» Data supplied:
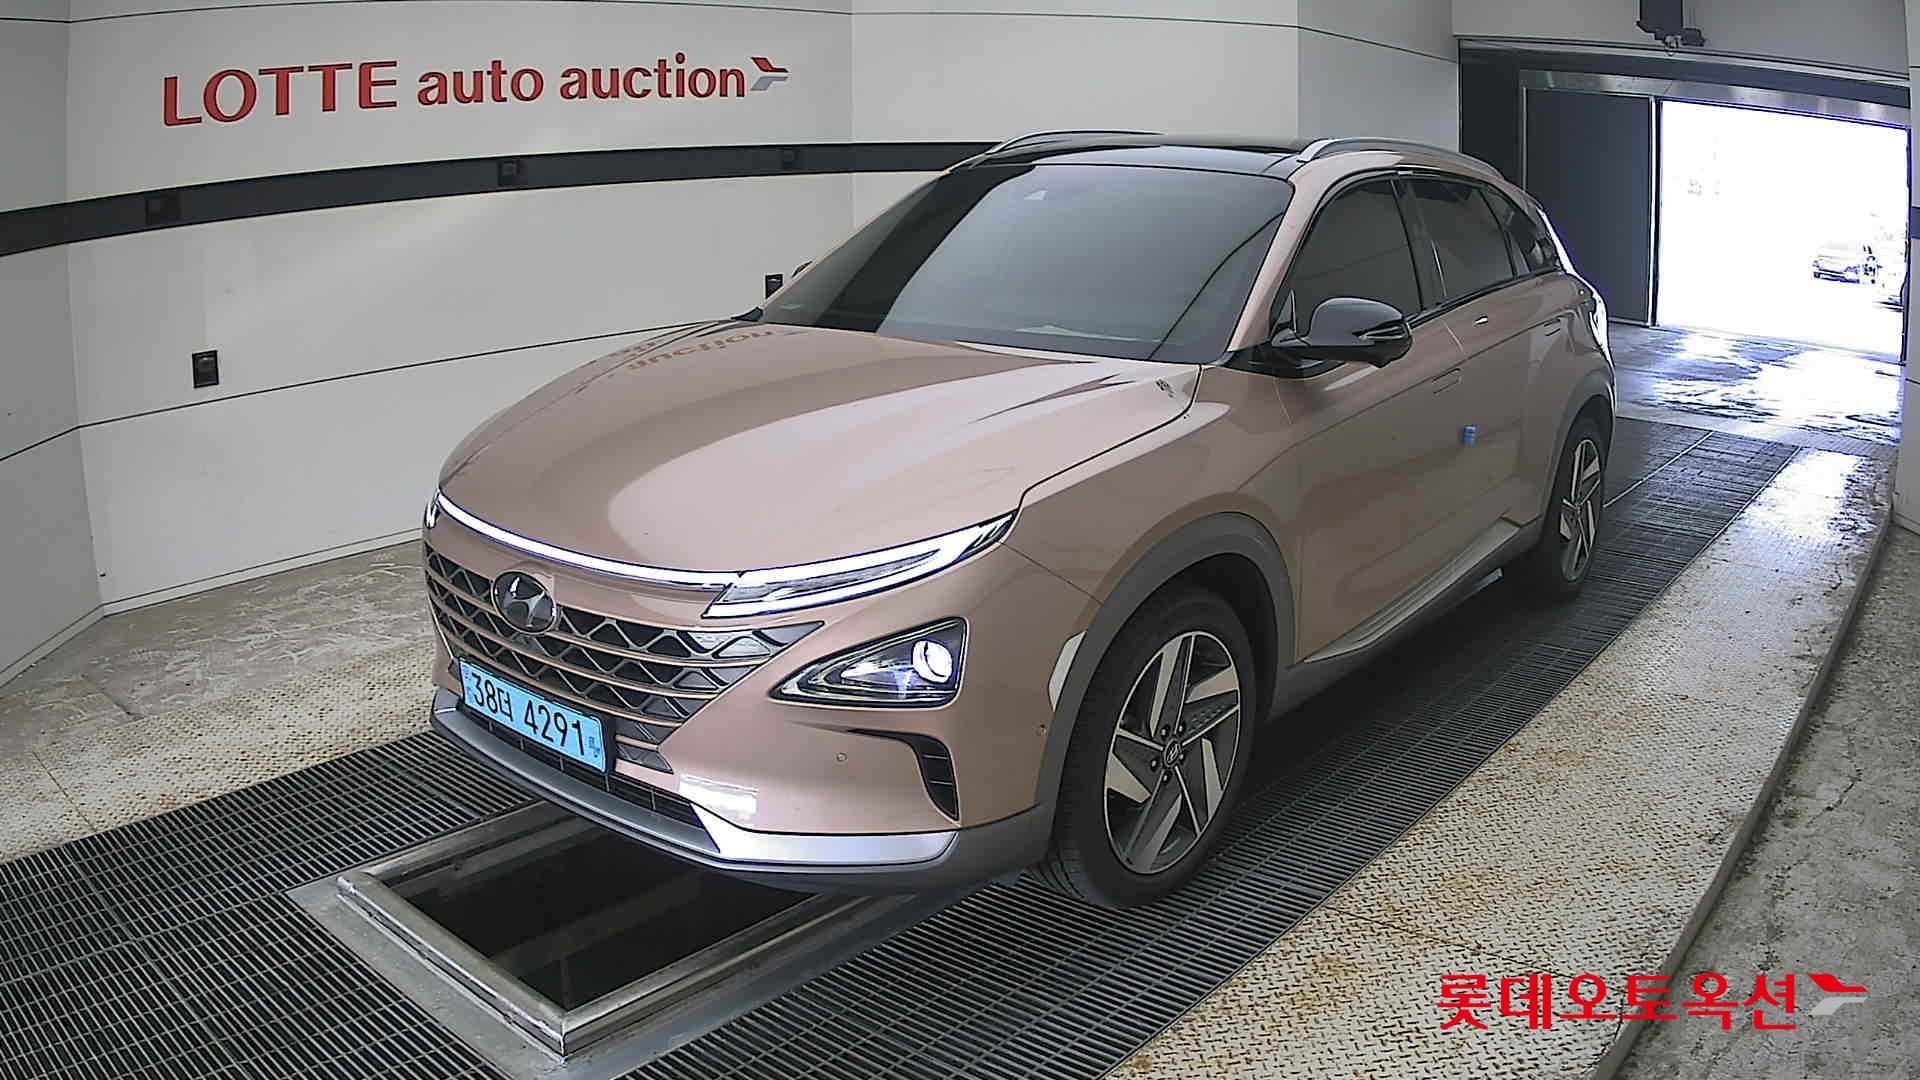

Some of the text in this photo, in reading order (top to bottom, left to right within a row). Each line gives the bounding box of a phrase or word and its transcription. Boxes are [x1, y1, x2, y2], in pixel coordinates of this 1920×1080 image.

[163, 52, 746, 127] LOTTE auto auction
[471, 672, 514, 722] 38더
[523, 699, 585, 756] 4291
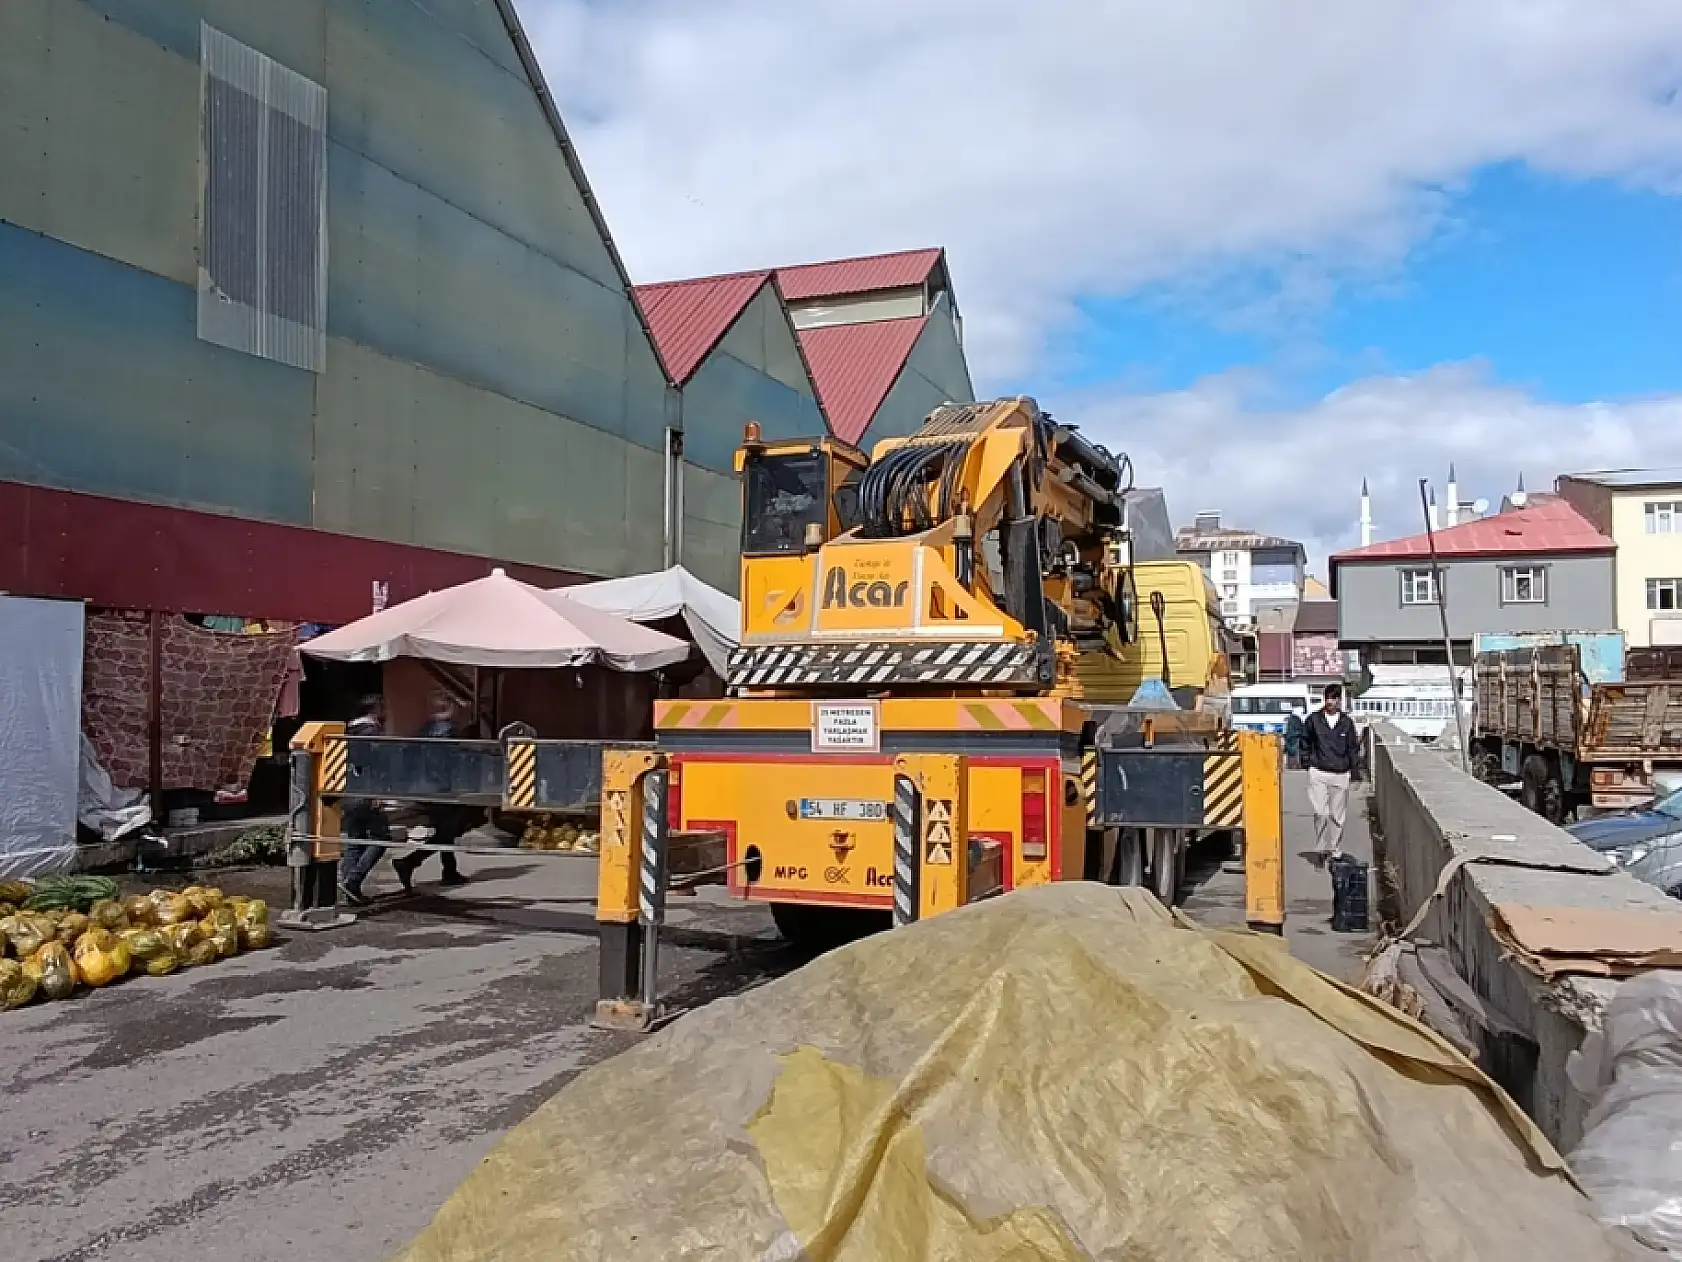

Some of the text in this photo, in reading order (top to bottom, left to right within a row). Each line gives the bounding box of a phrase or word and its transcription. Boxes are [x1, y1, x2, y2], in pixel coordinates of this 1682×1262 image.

[820, 566, 909, 610] Acar
[809, 801, 824, 816] 54
[833, 801, 848, 816] HF
[774, 865, 809, 880] MPG

» Problem statement: Only the lines from the one holding "this 1682×1262 image." through the final line of the entries, both included, should be given again, word for word.

» Response:
Some of the text in this photo, in reading order (top to bottom, left to right within a row). Each line gives the bounding box of a phrase or word and its transcription. Boxes are [x1, y1, x2, y2], in pixel coordinates of this 1682×1262 image.

[820, 566, 909, 610] Acar
[809, 801, 824, 816] 54
[833, 801, 848, 816] HF
[774, 865, 809, 880] MPG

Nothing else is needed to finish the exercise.